> What you need to do
As you restate the entries, keep every word intact and leave out whatever images they hold.

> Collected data
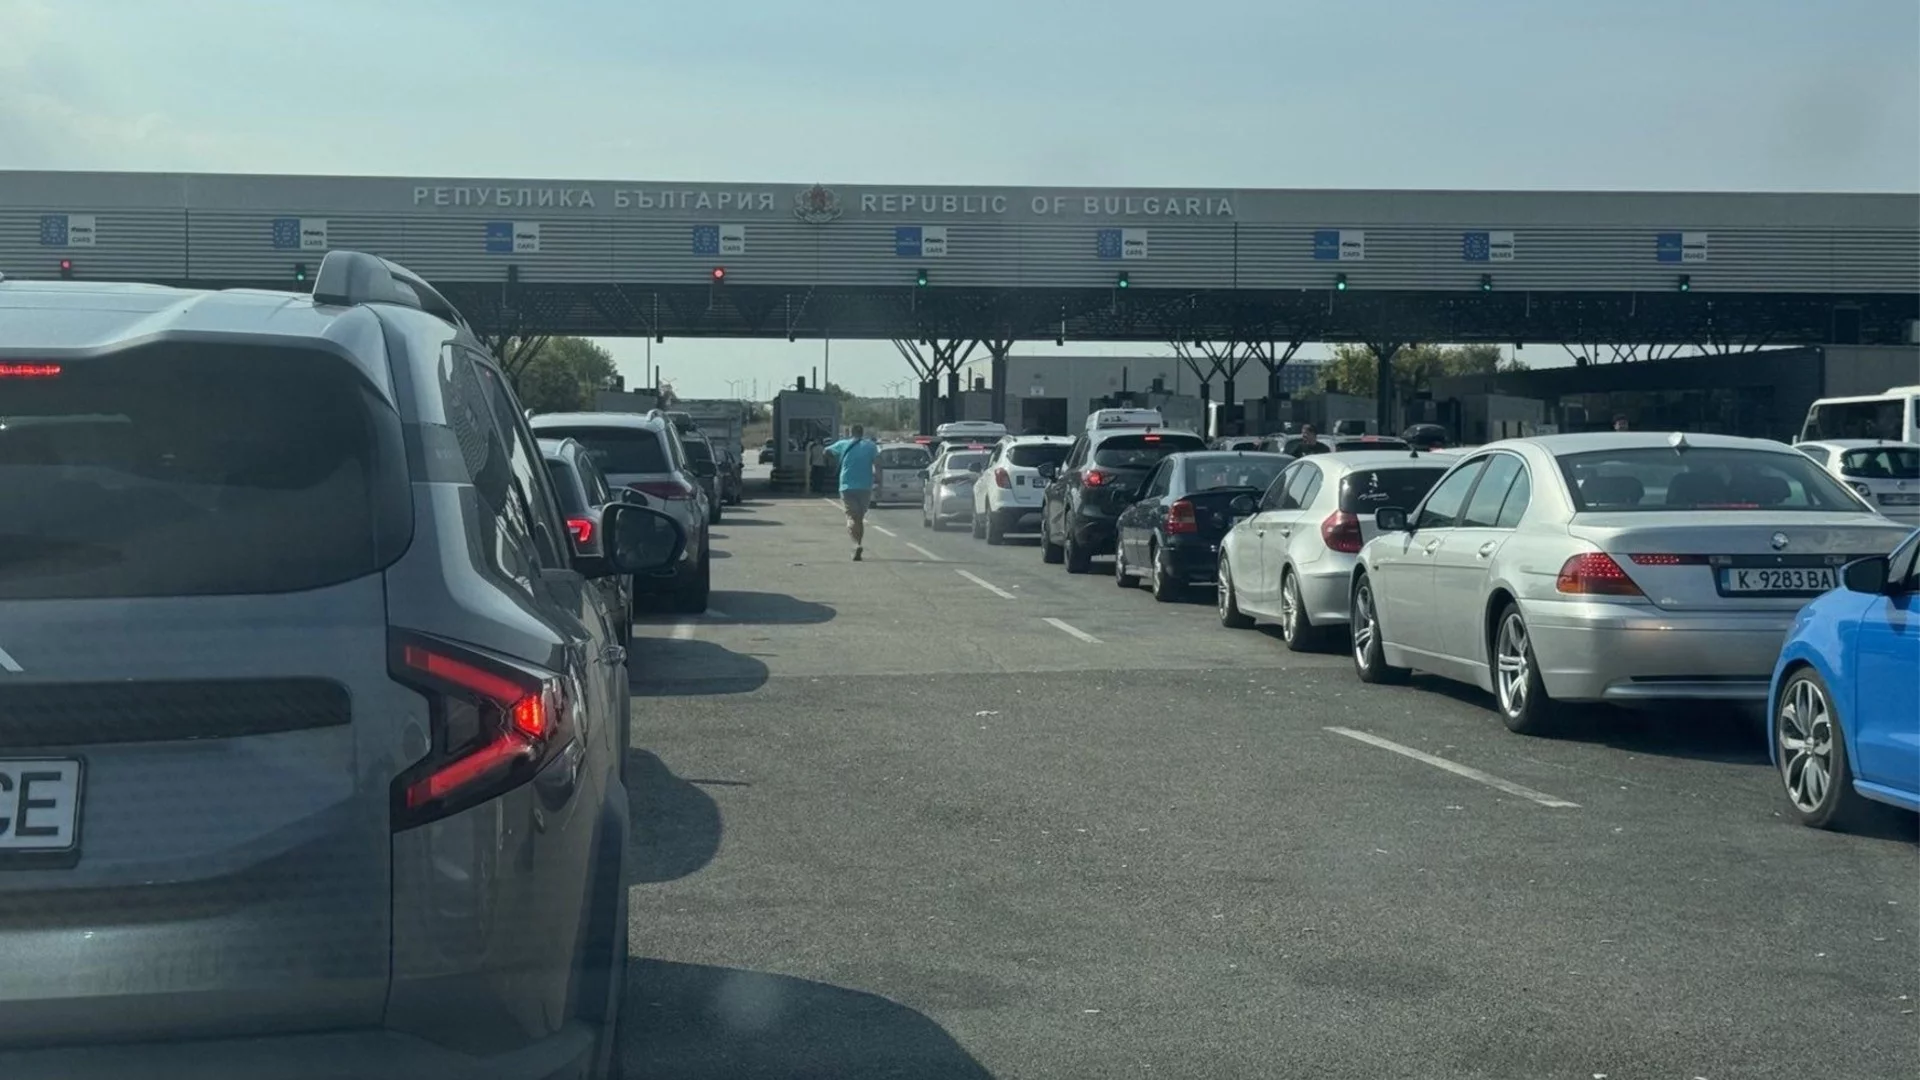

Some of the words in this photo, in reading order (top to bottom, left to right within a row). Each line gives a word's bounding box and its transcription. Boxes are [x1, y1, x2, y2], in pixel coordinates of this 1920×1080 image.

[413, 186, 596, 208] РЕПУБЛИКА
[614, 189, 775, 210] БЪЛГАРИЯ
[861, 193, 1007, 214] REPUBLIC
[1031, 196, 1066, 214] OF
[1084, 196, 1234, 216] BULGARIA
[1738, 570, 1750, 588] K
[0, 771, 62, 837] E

> Task output
Some of the words in this photo, in reading order (top to bottom, left to right within a row). Each line gives a word's bounding box and its transcription. Boxes are [x1, y1, x2, y2], in pixel coordinates of this 1920×1080 image.

[413, 186, 596, 208] РЕПУБЛИКА
[614, 189, 775, 210] БЪЛГАРИЯ
[861, 193, 1007, 214] REPUBLIC
[1031, 196, 1066, 214] OF
[1084, 196, 1234, 216] BULGARIA
[1738, 570, 1750, 588] K
[0, 771, 62, 837] E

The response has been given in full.